プロローグ
「……これが、ダンジョンマスターの権限?」
メインモニターの管理メニューに視線を走らせ、私は思わず息を呑む。そこには、ダンジョンの管理に必要な要素のすべてが集約されていた。
この権限があれば、いくらでも領地に有利なダンジョンを造ることが出来る。
この時代においての領地の評価は、近くにダンジョンがあるかどうかで決まる。
ダンジョンを擁する領地は言うに及ばず、王都とダンジョンを繋ぐ交易路も高い評価を得ることが出来る。それだけ、ダンジョンから得られる素材の価値が大きいからだ。
ゆえに、ダンジョンと無縁のアルステリア領は弱小領地とずっと馬鹿にされてきた。
お父様とお母様は、そんなアルステリア領を変えようと必死にがんばってきた。
だけど、道半ばでその一生を終えてしまった。
何者かに襲撃されたのだが、犯人は未だに分かっていない。
そうして、残されたのは幼い私とお兄様。私達は両親の意志を継ぎ、このアルステリア領を豊かにしようとがんばってきた。
なのに信じた相手に裏切られ、取引も反故にされた。
だけど、私はアルステリア領にあるダンジョンのマスターになった。
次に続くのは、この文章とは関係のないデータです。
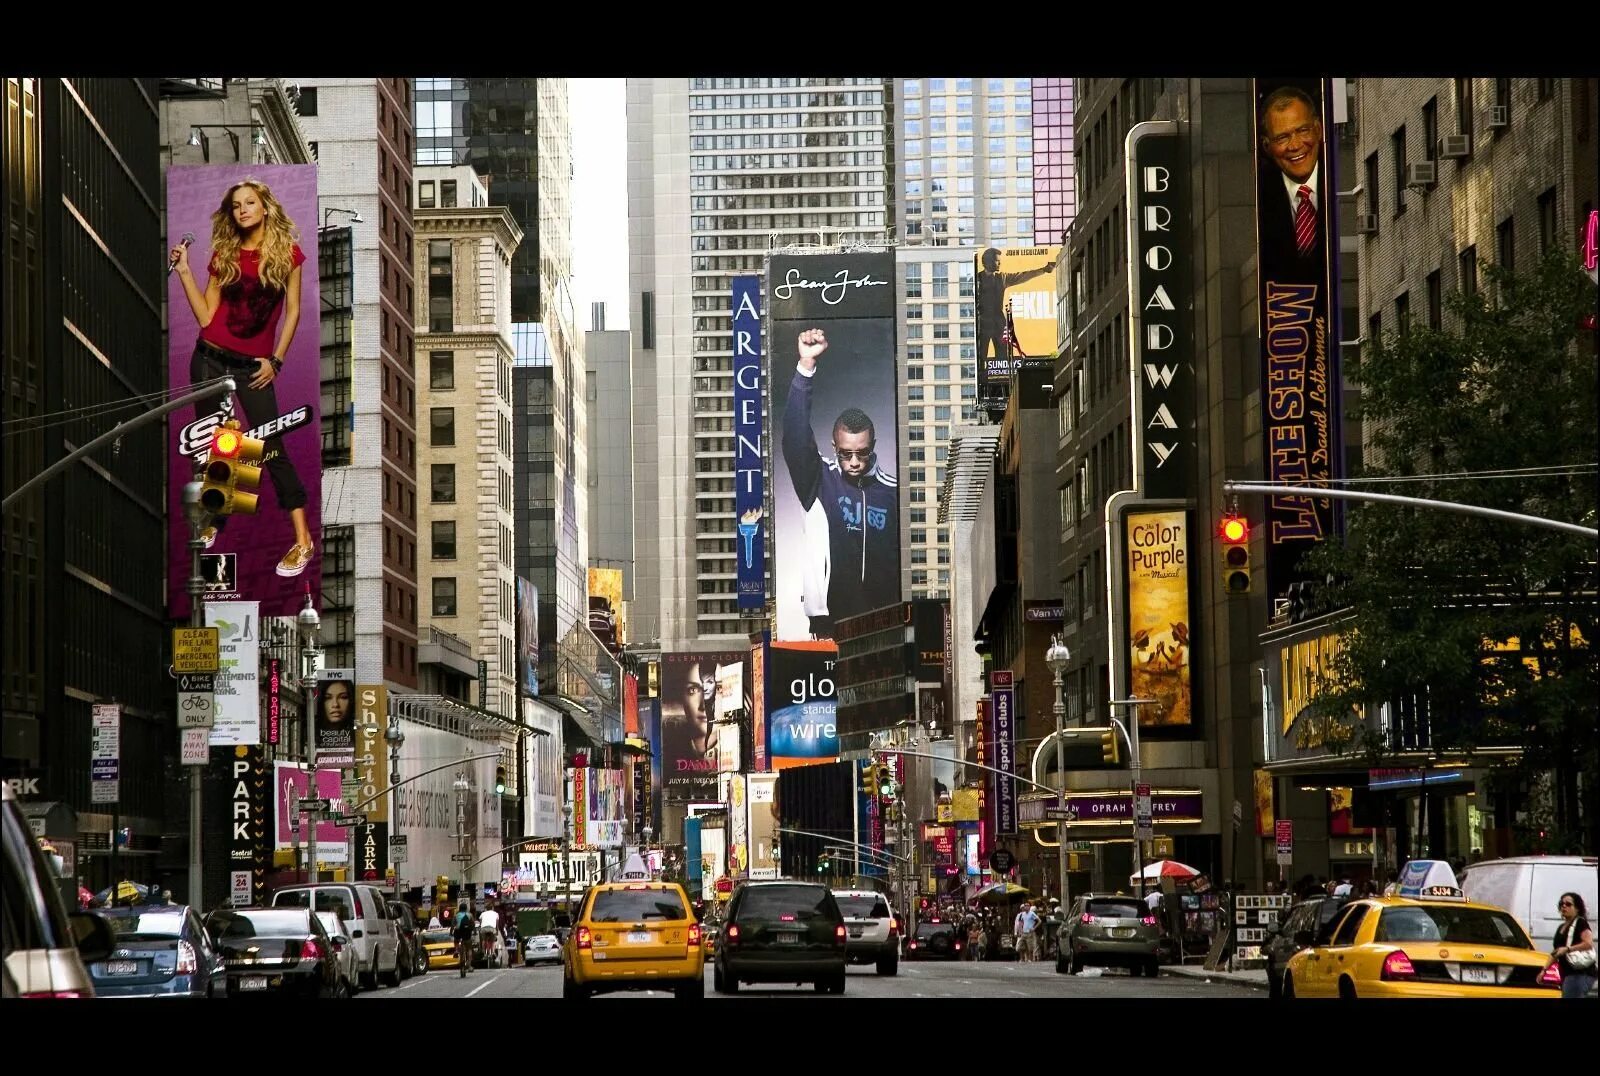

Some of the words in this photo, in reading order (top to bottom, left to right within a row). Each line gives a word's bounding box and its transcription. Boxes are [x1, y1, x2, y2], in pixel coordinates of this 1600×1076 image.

領地にダンジョンが現れたというだけじゃなく、私自身がダンジョンのすべてを管理する権限を手に入れた。
それは、他の誰もなしえなかった快挙である。
魔導具を発動させるのに必要な魔石はもちろん、建築素材や様々な道具、装備を作るのに必要な素材も思いのままに産出するダンジョンにすることが出来る。いまは亡きお父様とお母様が生涯を捧げた、アルステリア領を豊かな領地にするのだって夢じゃない。
『ダンジョンもなく、交易路すらない陸の孤島になど用はありません。こちらこそ、今後の取引はお断りさせていただきます』
『俺はこれからダンジョン産の希少な素材を手にし、様々な装備を作って後世に名を残す。おまえ達はこの貧乏領地で、愚妹とともに指をくわえて見ているがいい』
そういって私達を見下した商会長やマリエス族の王子も手のひらを返すだろう。私達の前で這いつくばって、許しを請うてくるかもしれない。
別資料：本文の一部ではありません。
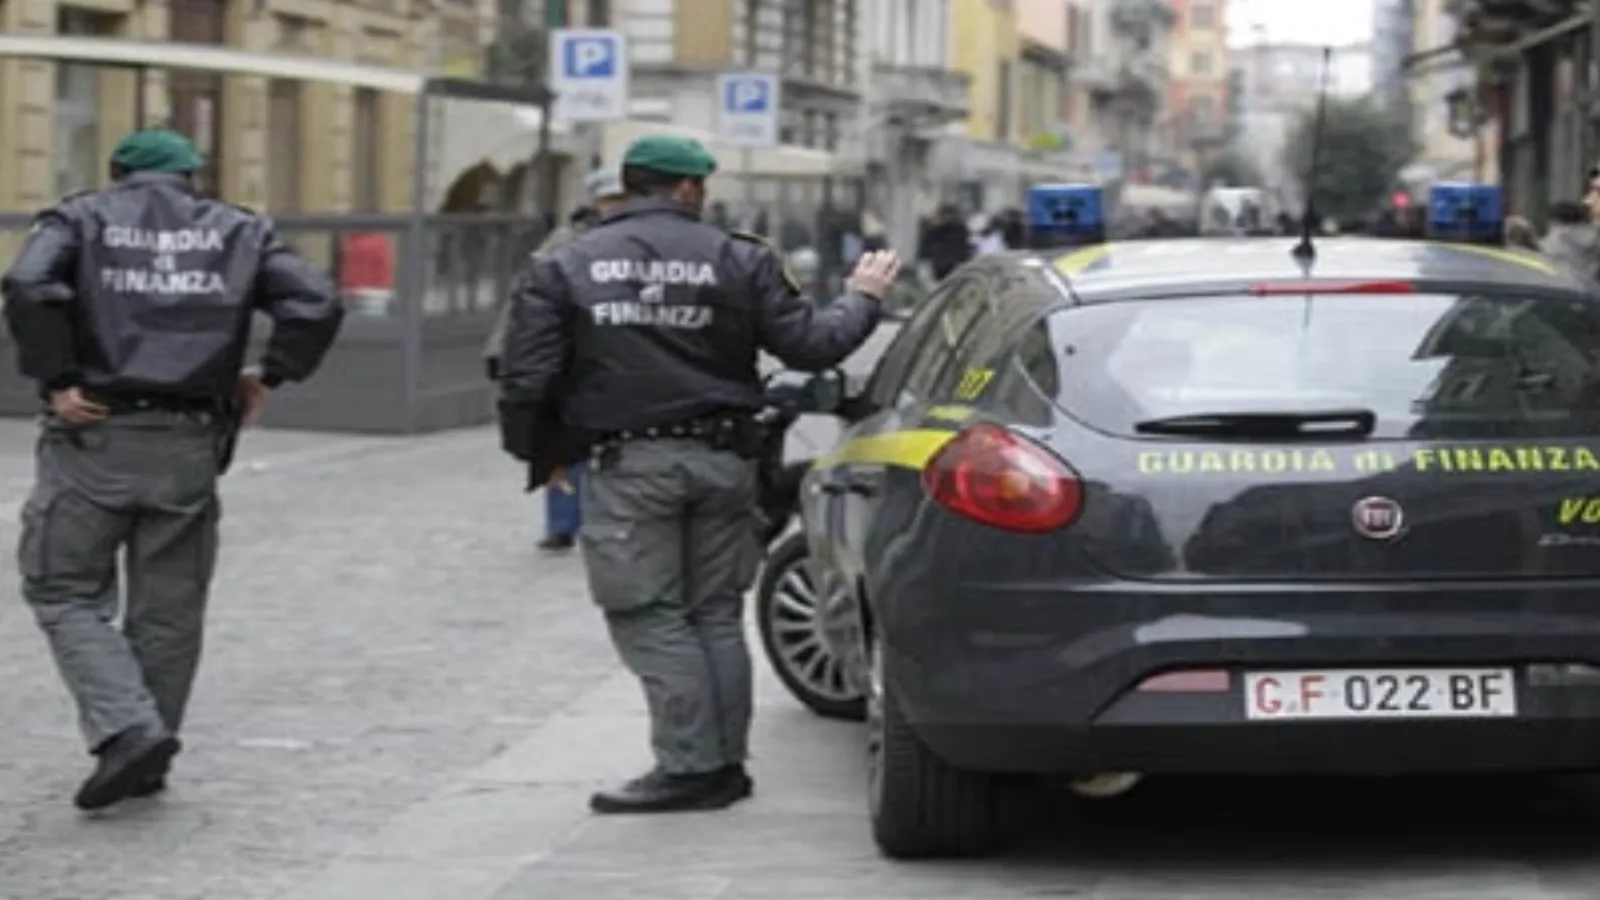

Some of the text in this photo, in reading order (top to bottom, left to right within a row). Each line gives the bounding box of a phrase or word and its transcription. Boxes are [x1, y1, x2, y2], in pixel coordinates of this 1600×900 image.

……土下座する男達の顔を想像したら背筋が寒くなった。
でも、さすがにそれはないわね。
グラセッド商会はもう二度とうちと取引をしないと笑っていたし、バルサズも頼まれたってアルステリア領にはこないと断言していた。彼らにだってプライドはあるはずだ。いまさら手のひらを返すなんて、恥ずかしい真似はしないでしょう。
……しないわよね?
というか、仮に媚びを売られても絶対仲良くしたくはない。
彼らと仲直りせずとも、私には優秀な仲間達がいる。彼らが私を裏切ったとき、共に怒り、この地に留まってくれたマリエス族の王女ファリーナ。
彼女らがいるならば、私を見下した者達と向き合う必要はない。
「……必ずアルステリア領を豊かな領地にするわ」
それが私の夢だから――と座り心地のよいチェアに身を預けた。
ここは、ダンジョンの最奥にある‘草原’に建てられた屋敷の自室。一面がガラス張りになっていて、その向こうには‘森の中にある滝’が一望できる。
部屋の温度は快適に保たれ、明るさは空間ごと調整が可能な至れり尽くせりの空間。
どう考えても、王様よりも快適な生活環境だ。まさか、こんな環境をお詫びとしてもらうことになるなんて、あのときは夢にも思わなかった――と、私は過去に思いを馳せた。